AIM OF THE EXERCISE
Your copy should match the records below word for word and contain no pictures.

DATA PROVIDED
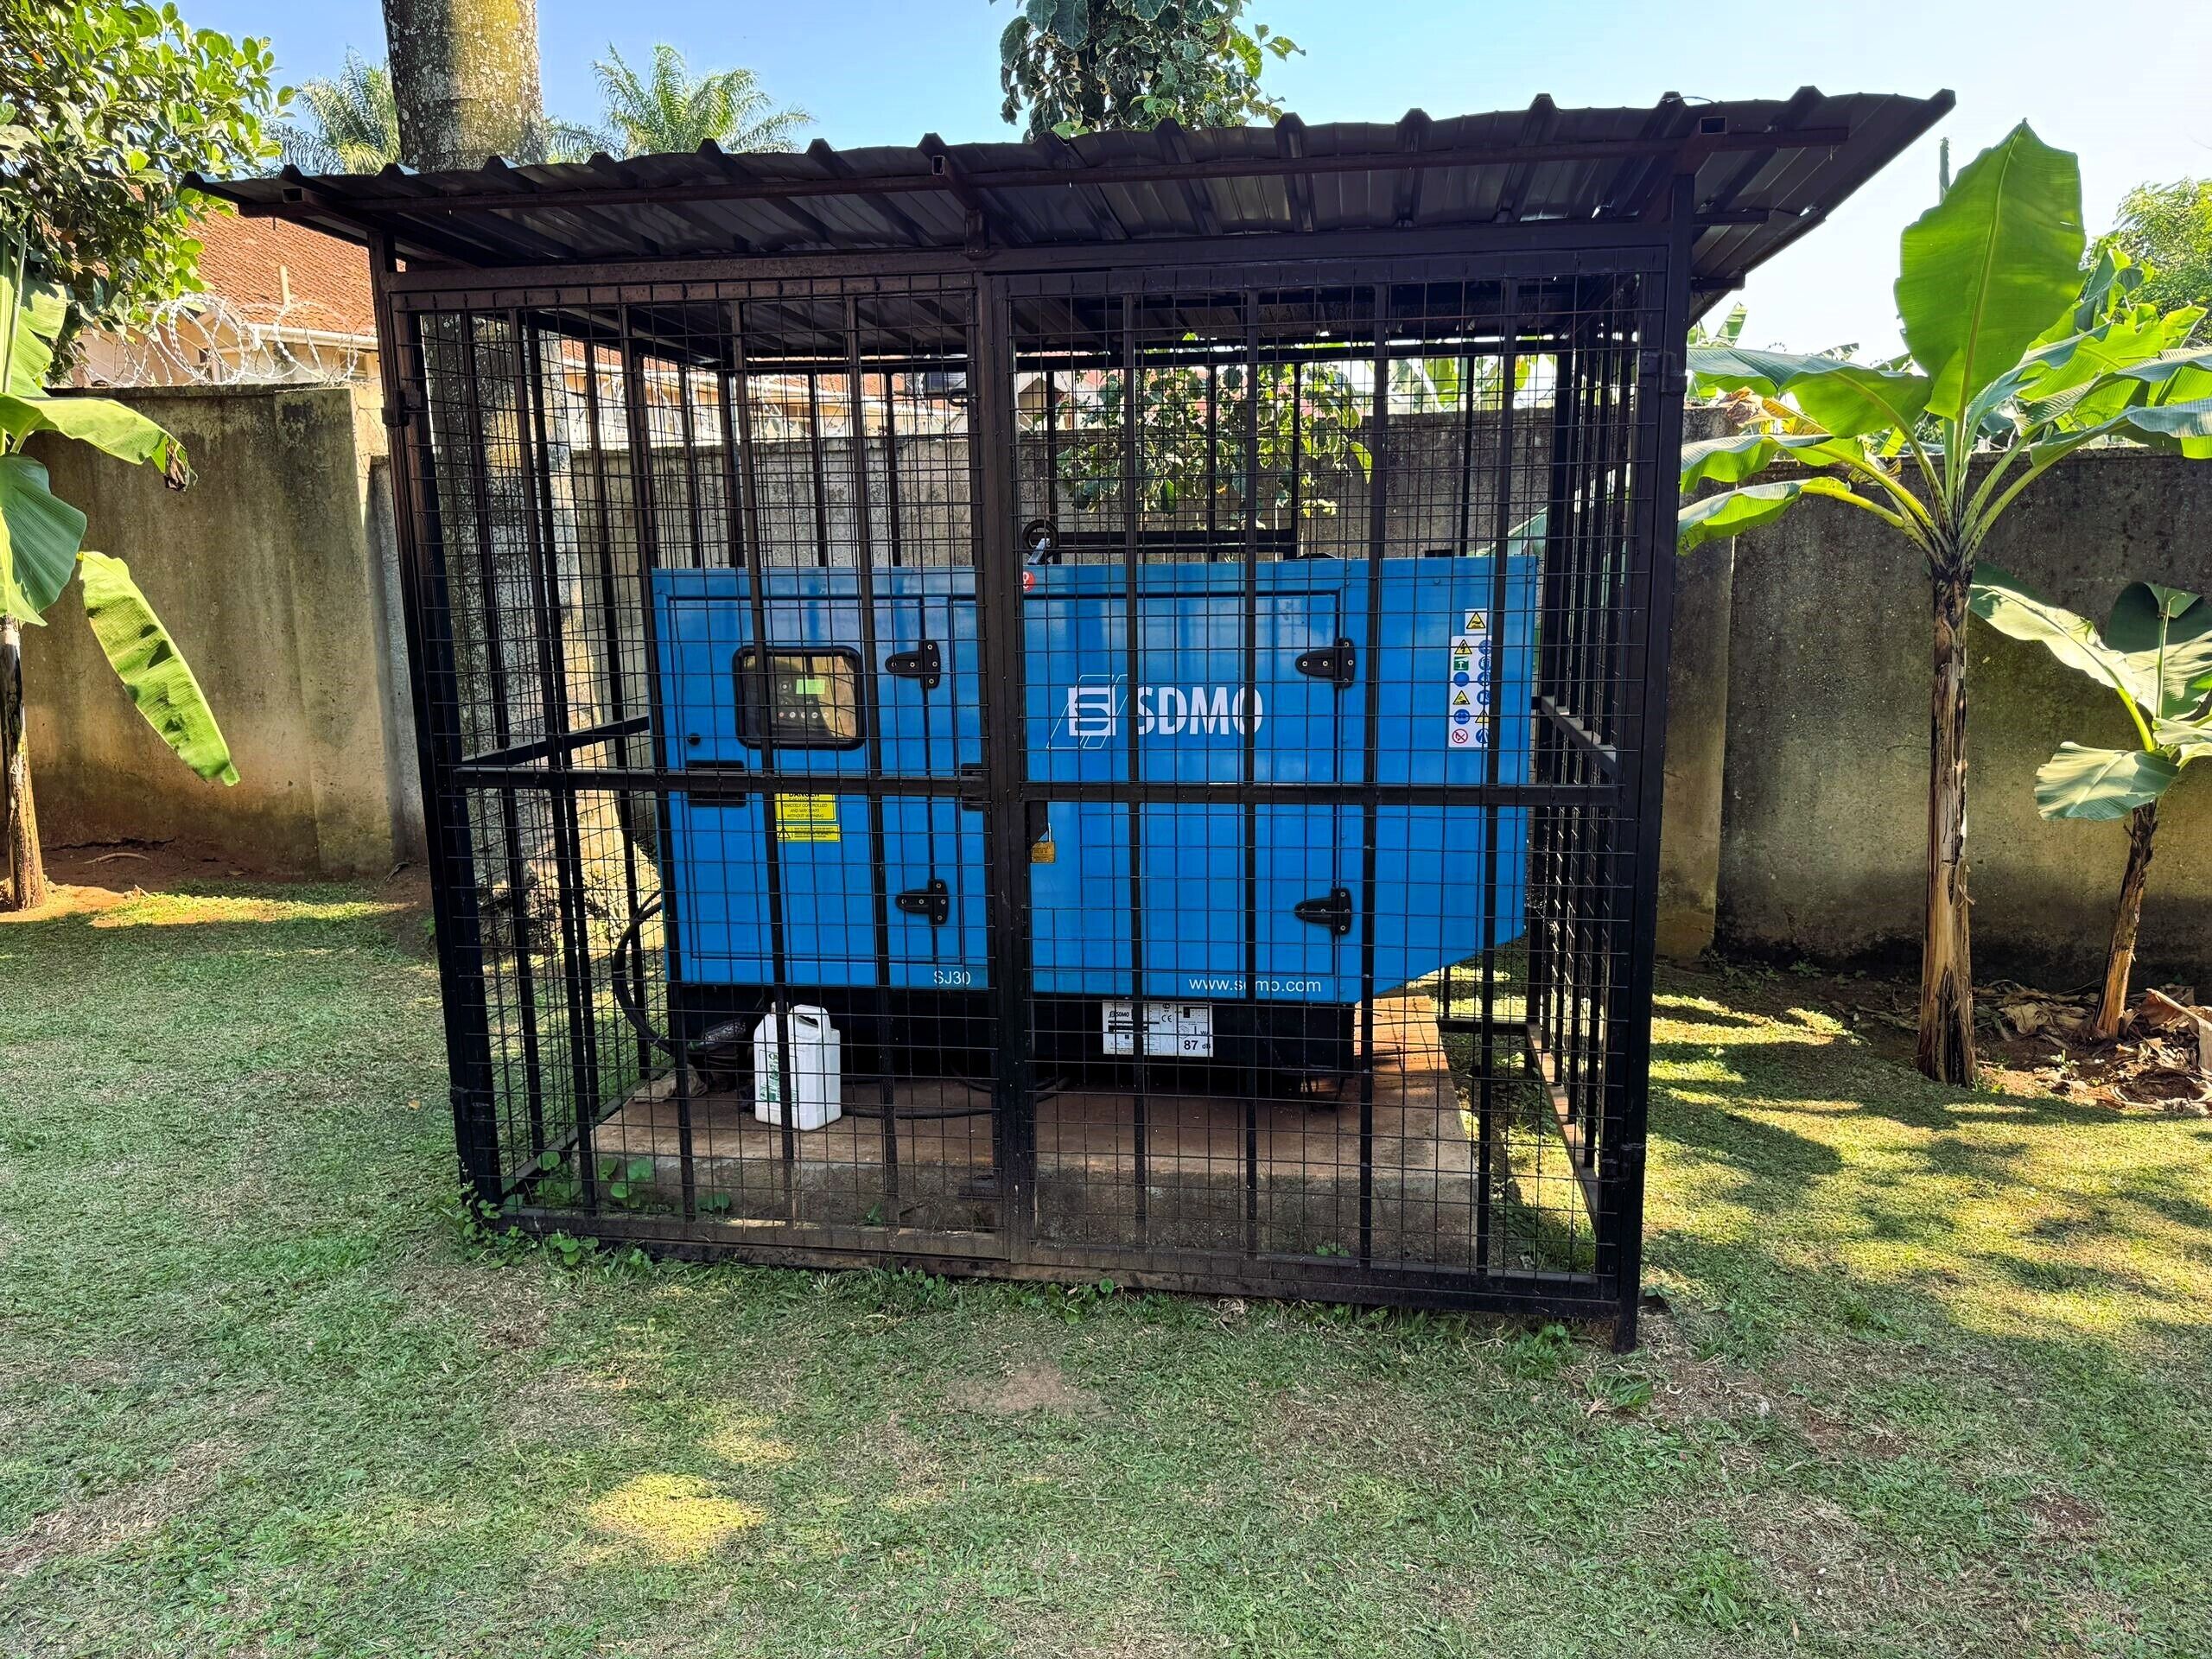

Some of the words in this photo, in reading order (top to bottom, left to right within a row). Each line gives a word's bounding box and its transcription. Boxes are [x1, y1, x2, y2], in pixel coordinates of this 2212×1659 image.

[1136, 686, 1263, 734] SDMO
[934, 970, 971, 984] SJ30
[1184, 1039, 1198, 1050] 87
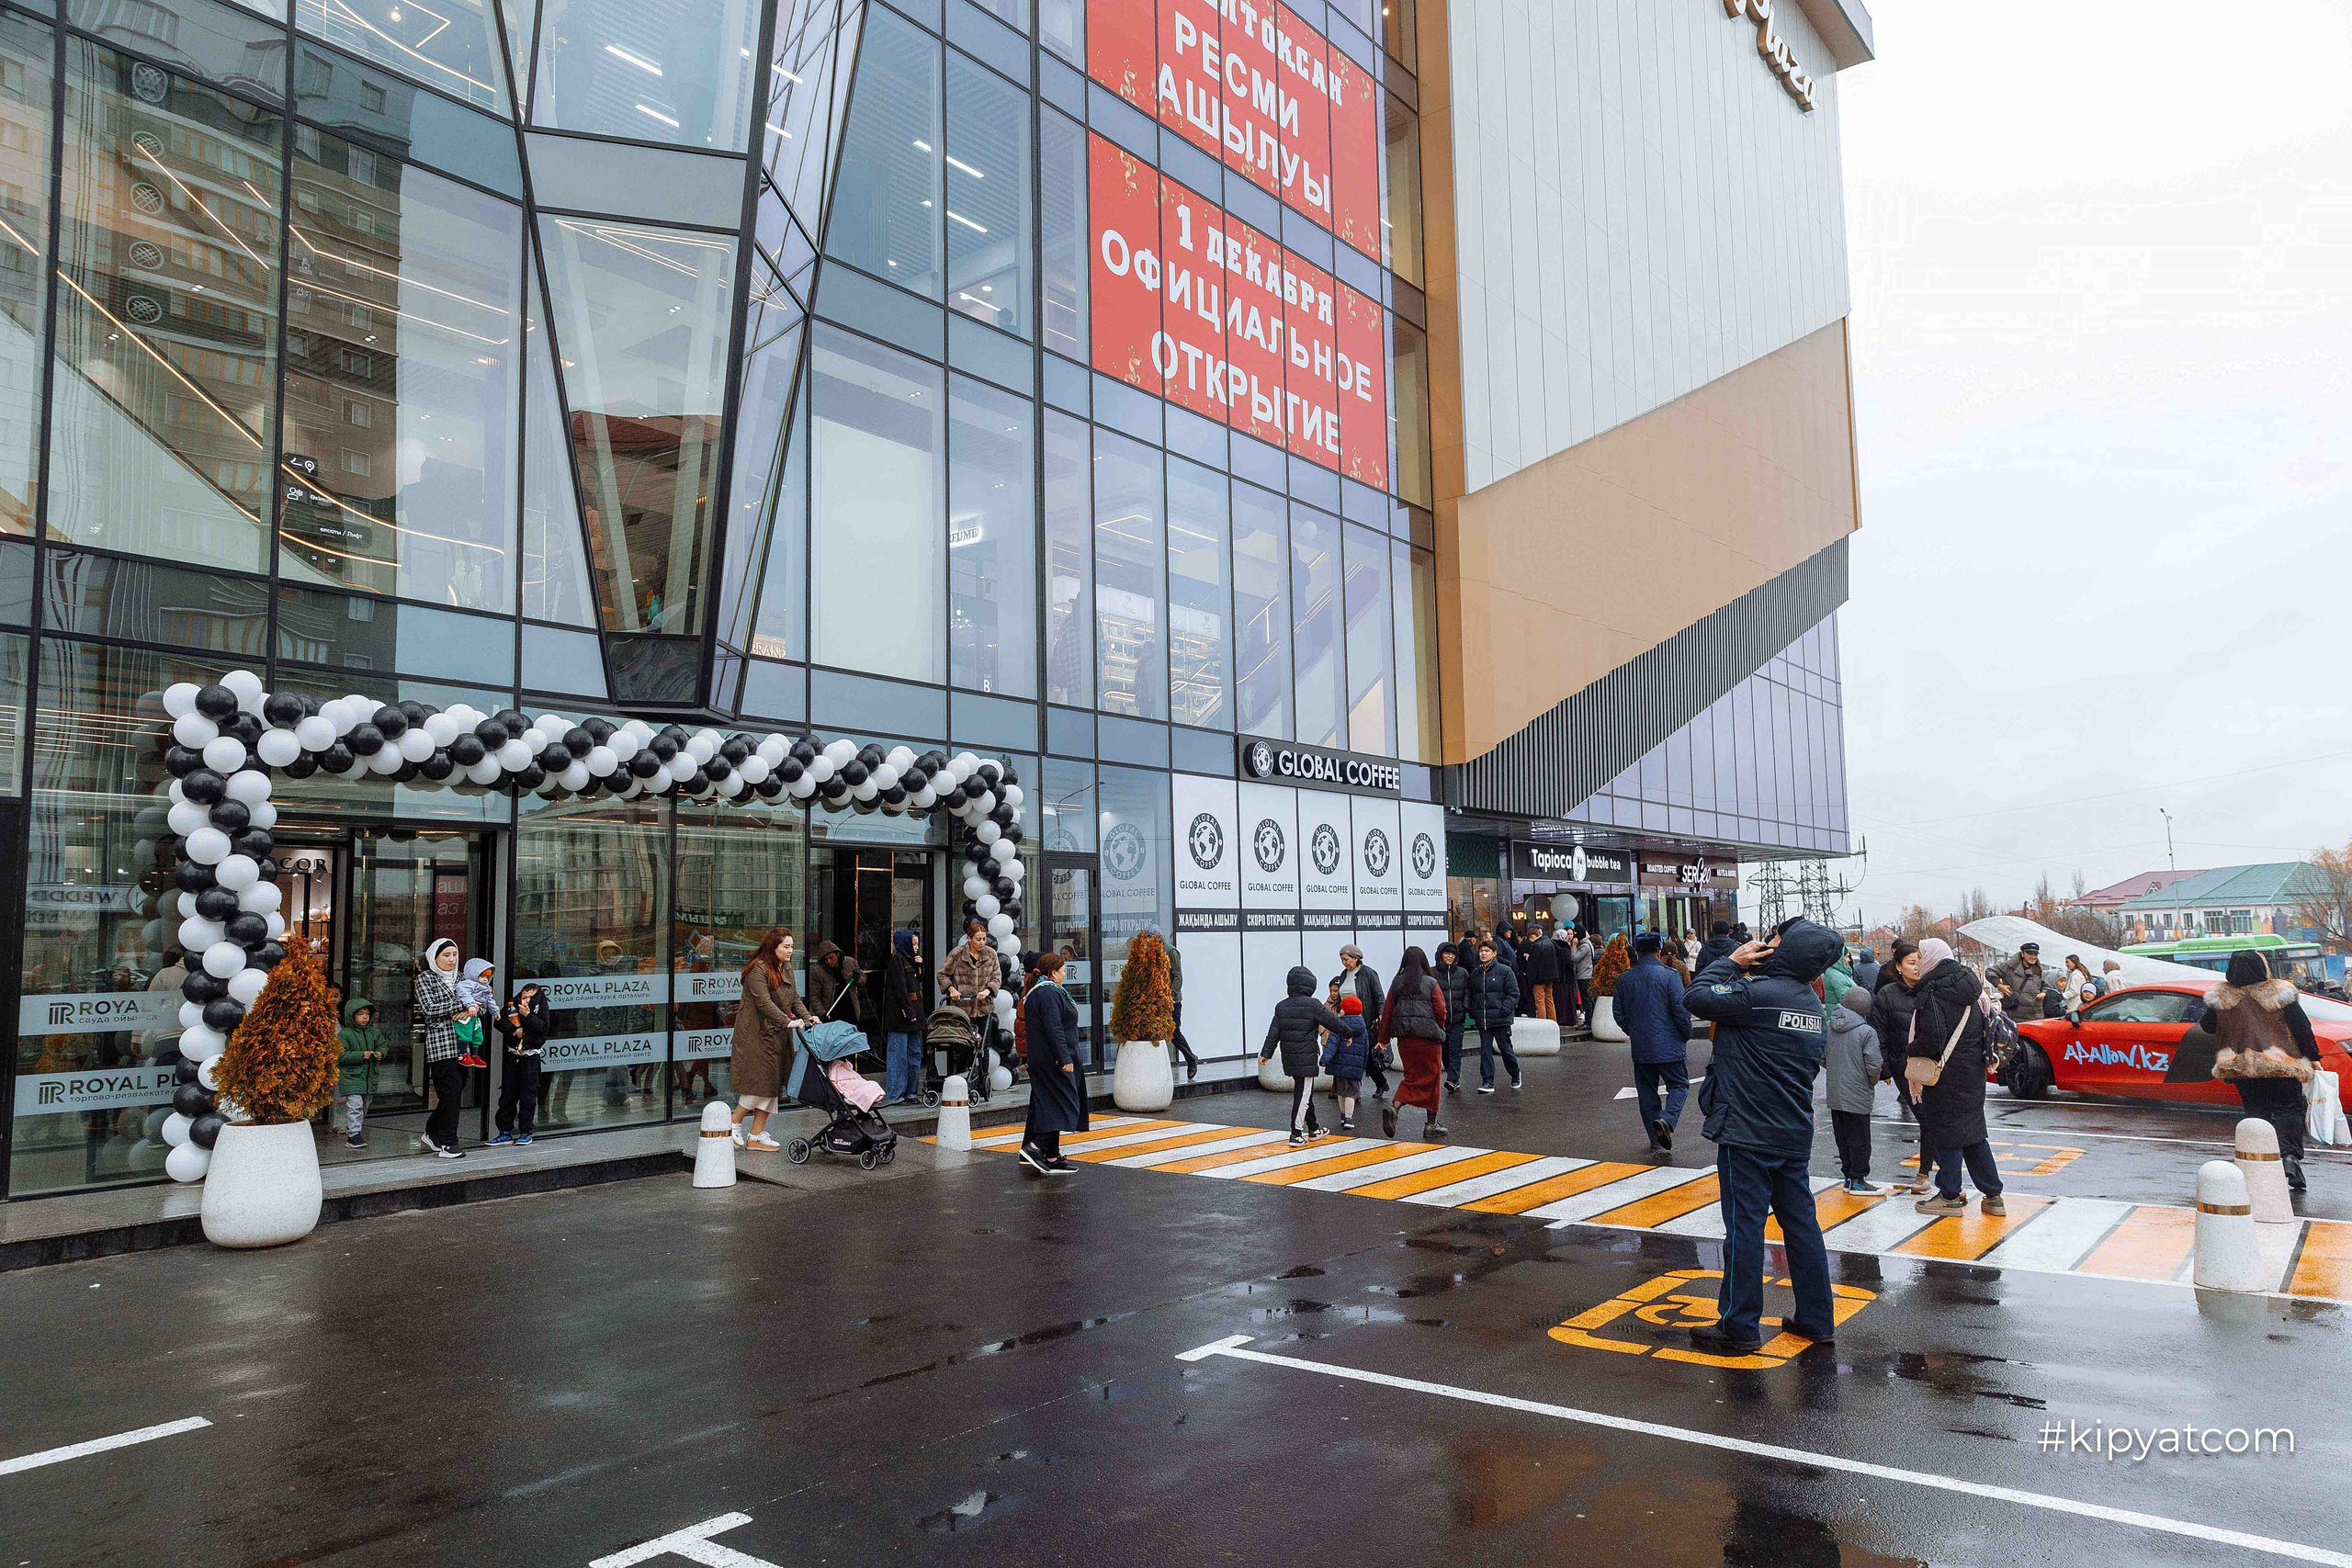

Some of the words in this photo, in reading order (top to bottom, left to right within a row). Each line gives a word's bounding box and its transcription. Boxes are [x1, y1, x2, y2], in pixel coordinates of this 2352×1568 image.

[1174, 10, 1299, 138] РЕСМИ
[1155, 62, 1330, 214] АШЫЛУЫ
[1175, 204, 1193, 253] 1
[1206, 225, 1333, 327] ДЕКАБРЯ
[1101, 229, 1373, 403] ОФИЦИАЛЬНОЕ
[1150, 331, 1343, 457] ОТКРЫТИЕ
[1279, 750, 1343, 782] GLOBAL
[1347, 761, 1399, 790] COFFEE
[1193, 814, 1217, 828] GLOBAL
[1258, 819, 1279, 832] GLOBAL
[1109, 824, 1140, 839] GLOBAL
[1315, 824, 1335, 837] GLOBAL
[1367, 829, 1385, 841] GLOBAL
[1414, 834, 1431, 846] GLOBAL
[1194, 855, 1218, 869] COFFEE
[1259, 859, 1281, 871] COFFEE
[1532, 849, 1572, 873] Tapioca
[1587, 854, 1609, 869] bubble
[1610, 859, 1621, 870] tea
[1110, 866, 1140, 879] COFFEE
[1317, 863, 1336, 874] COFFEE
[1369, 865, 1386, 876] COFFEE
[1416, 868, 1432, 879] COFFEE
[1180, 880, 1205, 890] GLOBAL
[1208, 881, 1231, 890] COFFEE
[1248, 883, 1272, 892] GLOBAL
[1272, 884, 1294, 892] COFFEE
[1306, 885, 1328, 893] GLOBAL
[1329, 886, 1348, 894] COFFEE
[1360, 886, 1379, 895] GLOBAL
[1380, 887, 1397, 896] COFFEE
[1127, 887, 1155, 897] COFFEE
[1427, 888, 1442, 897] COFFEE
[1179, 914, 1213, 928] ЖАҚЫНДА
[1214, 914, 1238, 927] АШЫЛУ
[1247, 914, 1265, 926] СКОРО
[1266, 914, 1295, 926] ОТКРЫТИЕ
[1408, 915, 1421, 925] СКОРО
[554, 983, 601, 996] ROYAL
[605, 980, 650, 993] PLAZA
[708, 977, 741, 989] ROYA
[79, 1016, 109, 1025] сауда
[1781, 1014, 1820, 1031] POLISIA
[548, 1043, 600, 1058] ROYAL
[604, 1039, 651, 1054] PLAZA
[70, 1076, 149, 1095] ROYAL

SOLUTION FOR THIS TASK
Some of the words in this photo, in reading order (top to bottom, left to right within a row). Each line gives a word's bounding box and its transcription. Boxes are [x1, y1, x2, y2], in pixel coordinates of this 2212×1659 image.

[1136, 686, 1263, 734] SDMO
[934, 970, 971, 984] SJ30
[1184, 1039, 1198, 1050] 87

Some of the words in this photo, in reading order (top to bottom, left to right within a row). Each line gives a word's bounding box and its transcription. Boxes are [x1, y1, x2, y2], in pixel coordinates of this 2352×1568 image.

[1174, 10, 1299, 138] РЕСМИ
[1155, 62, 1330, 214] АШЫЛУЫ
[1175, 204, 1193, 253] 1
[1206, 225, 1333, 327] ДЕКАБРЯ
[1101, 229, 1373, 403] ОФИЦИАЛЬНОЕ
[1150, 331, 1343, 457] ОТКРЫТИЕ
[1279, 750, 1343, 782] GLOBAL
[1347, 761, 1399, 790] COFFEE
[1193, 814, 1217, 828] GLOBAL
[1258, 819, 1279, 832] GLOBAL
[1109, 824, 1140, 839] GLOBAL
[1315, 824, 1335, 837] GLOBAL
[1367, 829, 1385, 841] GLOBAL
[1414, 834, 1431, 846] GLOBAL
[1194, 855, 1218, 869] COFFEE
[1259, 859, 1281, 871] COFFEE
[1532, 849, 1572, 873] Tapioca
[1587, 854, 1609, 869] bubble
[1610, 859, 1621, 870] tea
[1110, 866, 1140, 879] COFFEE
[1317, 863, 1336, 874] COFFEE
[1369, 865, 1386, 876] COFFEE
[1416, 868, 1432, 879] COFFEE
[1180, 880, 1205, 890] GLOBAL
[1208, 881, 1231, 890] COFFEE
[1248, 883, 1272, 892] GLOBAL
[1272, 884, 1294, 892] COFFEE
[1306, 885, 1328, 893] GLOBAL
[1329, 886, 1348, 894] COFFEE
[1360, 886, 1379, 895] GLOBAL
[1380, 887, 1397, 896] COFFEE
[1127, 887, 1155, 897] COFFEE
[1427, 888, 1442, 897] COFFEE
[1179, 914, 1213, 928] ЖАҚЫНДА
[1214, 914, 1238, 927] АШЫЛУ
[1247, 914, 1265, 926] СКОРО
[1266, 914, 1295, 926] ОТКРЫТИЕ
[1408, 915, 1421, 925] СКОРО
[554, 983, 601, 996] ROYAL
[605, 980, 650, 993] PLAZA
[708, 977, 741, 989] ROYA
[79, 1016, 109, 1025] сауда
[1781, 1014, 1820, 1031] POLISIA
[548, 1043, 600, 1058] ROYAL
[604, 1039, 651, 1054] PLAZA
[70, 1076, 149, 1095] ROYAL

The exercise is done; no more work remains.